- **Work to complete**
Would you repeat the entries below word for word and omit the pictures?

- **Given entries**
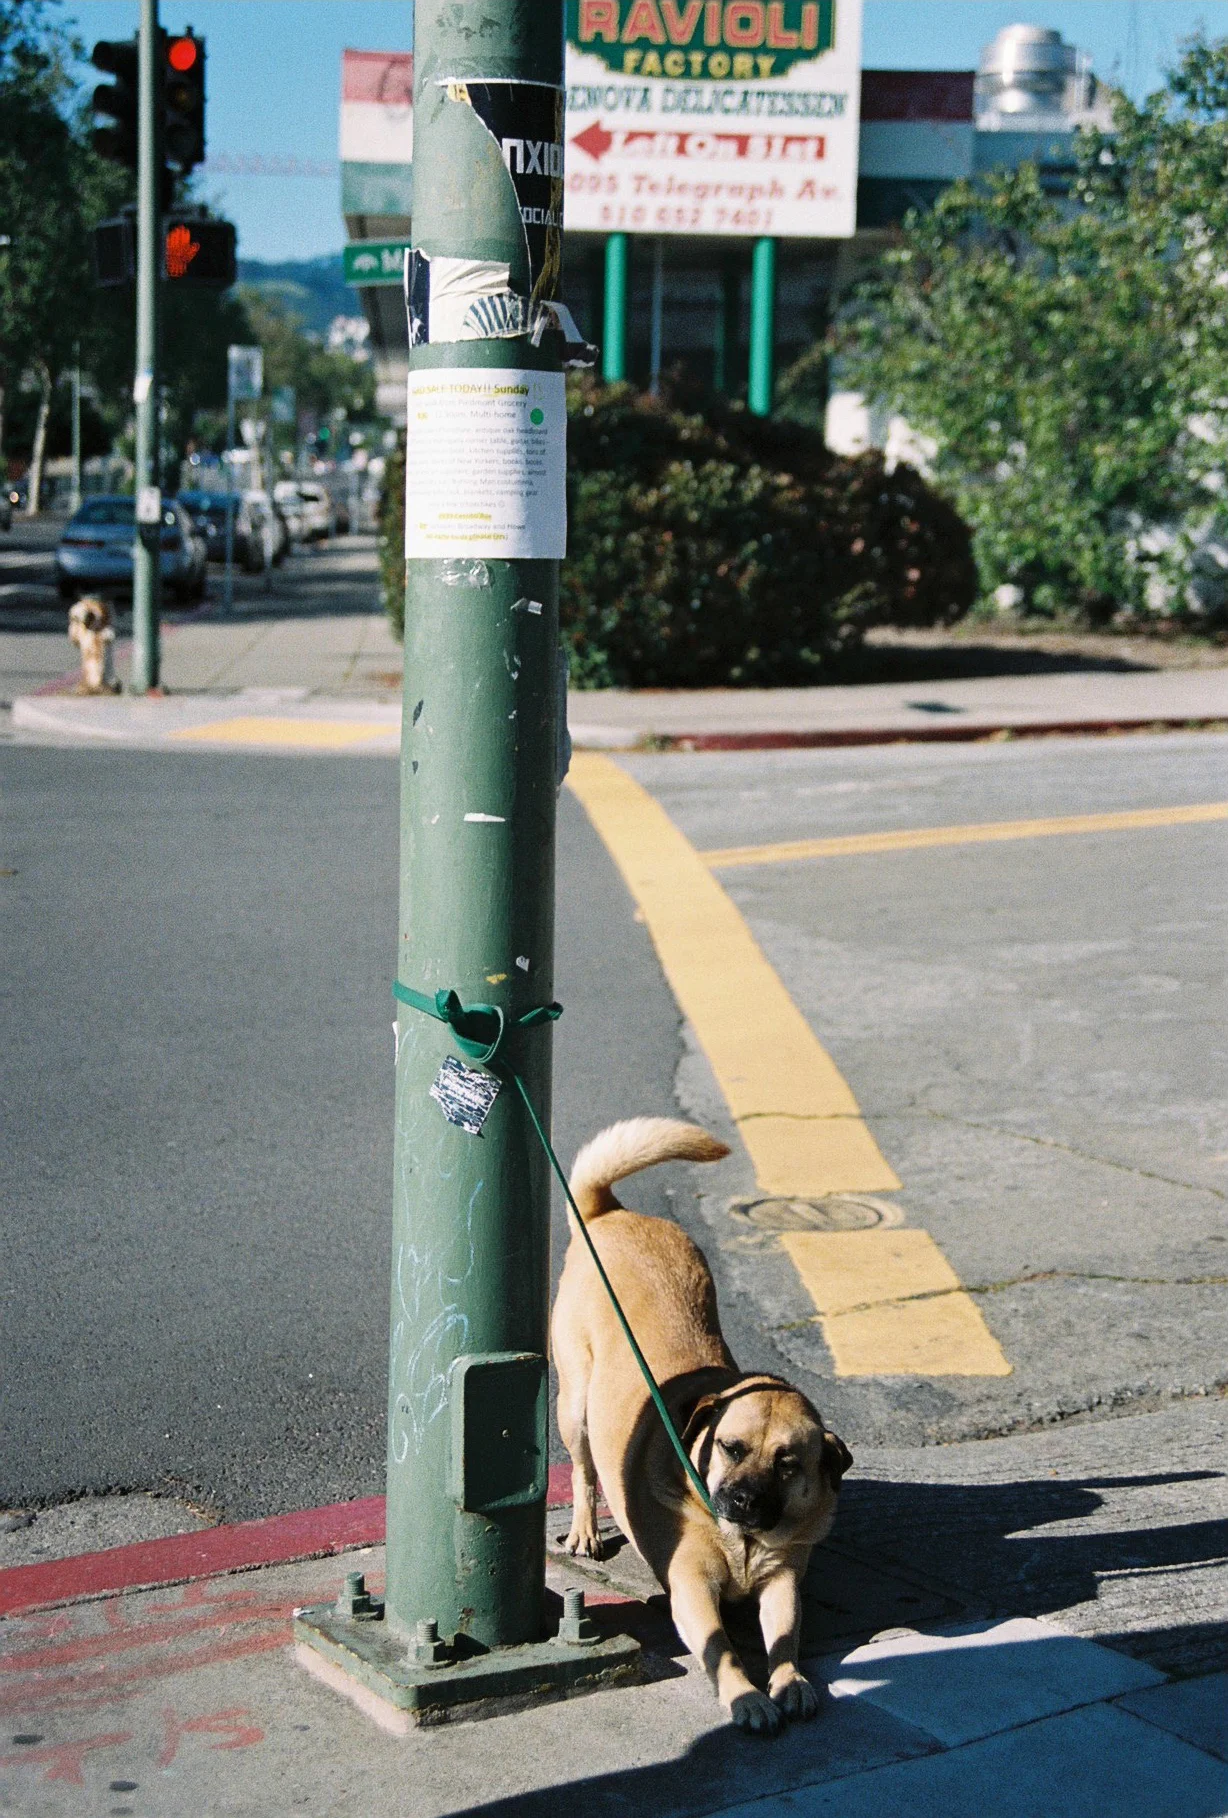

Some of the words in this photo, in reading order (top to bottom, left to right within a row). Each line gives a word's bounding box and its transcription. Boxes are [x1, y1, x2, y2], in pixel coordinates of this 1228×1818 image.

[577, 0, 820, 49] RAVIOLI
[622, 50, 776, 80] FACTORY
[567, 86, 650, 114] ENOVA
[660, 86, 848, 118] DELICATESSEN
[632, 174, 785, 203] Telegraph
[493, 383, 530, 397] Sunday

- **Exercise answer**
Some of the words in this photo, in reading order (top to bottom, left to right within a row). Each line gives a word's bounding box and its transcription. Boxes are [x1, y1, x2, y2], in pixel coordinates of this 1228×1818 image.

[577, 0, 820, 49] RAVIOLI
[622, 50, 776, 80] FACTORY
[567, 86, 650, 114] ENOVA
[660, 86, 848, 118] DELICATESSEN
[632, 174, 785, 203] Telegraph
[493, 383, 530, 397] Sunday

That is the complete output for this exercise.